Start of DATASET RECORDS

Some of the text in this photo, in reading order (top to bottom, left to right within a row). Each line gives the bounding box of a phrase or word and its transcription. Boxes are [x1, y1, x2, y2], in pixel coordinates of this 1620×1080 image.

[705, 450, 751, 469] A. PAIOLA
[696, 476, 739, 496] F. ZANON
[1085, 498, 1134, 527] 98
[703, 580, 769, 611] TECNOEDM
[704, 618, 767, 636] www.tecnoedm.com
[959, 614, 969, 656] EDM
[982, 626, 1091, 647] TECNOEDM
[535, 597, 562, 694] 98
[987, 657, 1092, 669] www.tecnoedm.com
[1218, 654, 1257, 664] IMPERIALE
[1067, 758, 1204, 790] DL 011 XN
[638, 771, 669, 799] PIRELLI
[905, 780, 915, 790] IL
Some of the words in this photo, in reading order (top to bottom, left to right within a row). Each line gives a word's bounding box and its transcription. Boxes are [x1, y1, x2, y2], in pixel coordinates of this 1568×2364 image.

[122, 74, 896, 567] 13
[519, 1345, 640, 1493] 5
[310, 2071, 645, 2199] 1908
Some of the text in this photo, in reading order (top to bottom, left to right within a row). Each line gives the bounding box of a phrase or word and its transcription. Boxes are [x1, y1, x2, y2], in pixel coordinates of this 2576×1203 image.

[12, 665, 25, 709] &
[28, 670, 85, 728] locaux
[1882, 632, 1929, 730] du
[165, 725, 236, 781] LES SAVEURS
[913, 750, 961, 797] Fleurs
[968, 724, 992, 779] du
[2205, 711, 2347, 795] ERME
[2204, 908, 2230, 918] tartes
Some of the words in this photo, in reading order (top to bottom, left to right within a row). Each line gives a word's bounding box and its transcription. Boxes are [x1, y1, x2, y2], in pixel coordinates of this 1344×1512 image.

End of DATASET RECORDS

Return every entry exactly; no line may be missing.

Some of the text in this photo, in reading order (top to bottom, left to right within a row). Each line gives the bounding box of a phrase or word and its transcription. Boxes are [x1, y1, x2, y2], in pixel coordinates of this 1620×1080 image.

[705, 450, 751, 469] A. PAIOLA
[696, 476, 739, 496] F. ZANON
[1085, 498, 1134, 527] 98
[703, 580, 769, 611] TECNOEDM
[704, 618, 767, 636] www.tecnoedm.com
[959, 614, 969, 656] EDM
[982, 626, 1091, 647] TECNOEDM
[535, 597, 562, 694] 98
[987, 657, 1092, 669] www.tecnoedm.com
[1218, 654, 1257, 664] IMPERIALE
[1067, 758, 1204, 790] DL 011 XN
[638, 771, 669, 799] PIRELLI
[905, 780, 915, 790] IL
Some of the words in this photo, in reading order (top to bottom, left to right within a row). Each line gives a word's bounding box and its transcription. Boxes are [x1, y1, x2, y2], in pixel coordinates of this 1568×2364 image.

[122, 74, 896, 567] 13
[519, 1345, 640, 1493] 5
[310, 2071, 645, 2199] 1908
Some of the text in this photo, in reading order (top to bottom, left to right within a row). Each line gives the bounding box of a phrase or word and its transcription. Boxes are [x1, y1, x2, y2], in pixel coordinates of this 2576×1203 image.

[12, 665, 25, 709] &
[28, 670, 85, 728] locaux
[1882, 632, 1929, 730] du
[165, 725, 236, 781] LES SAVEURS
[913, 750, 961, 797] Fleurs
[968, 724, 992, 779] du
[2205, 711, 2347, 795] ERME
[2204, 908, 2230, 918] tartes
Some of the words in this photo, in reading order (top to bottom, left to right within a row). Each line gives a word's bounding box and its transcription. Boxes are [x1, y1, x2, y2], in pixel coordinates of this 1344×1512 image.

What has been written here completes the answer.